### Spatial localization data
════════════════════

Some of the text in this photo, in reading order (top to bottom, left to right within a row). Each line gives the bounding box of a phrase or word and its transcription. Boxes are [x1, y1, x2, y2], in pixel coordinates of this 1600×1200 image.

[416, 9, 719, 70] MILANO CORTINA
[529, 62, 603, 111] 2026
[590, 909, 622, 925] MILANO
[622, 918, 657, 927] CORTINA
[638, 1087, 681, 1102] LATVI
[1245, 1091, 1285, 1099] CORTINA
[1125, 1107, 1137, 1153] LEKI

════════════════════

### Exercise brief
Copy each line of the records verbatim.

### The completed task
Some of the text in this photo, in reading order (top to bottom, left to right within a row). Each line gives the bounding box of a phrase or word and its transcription. Boxes are [x1, y1, x2, y2], in pixel coordinates of this 1600×1200 image.

[416, 9, 719, 70] MILANO CORTINA
[529, 62, 603, 111] 2026
[590, 909, 622, 925] MILANO
[622, 918, 657, 927] CORTINA
[638, 1087, 681, 1102] LATVI
[1245, 1091, 1285, 1099] CORTINA
[1125, 1107, 1137, 1153] LEKI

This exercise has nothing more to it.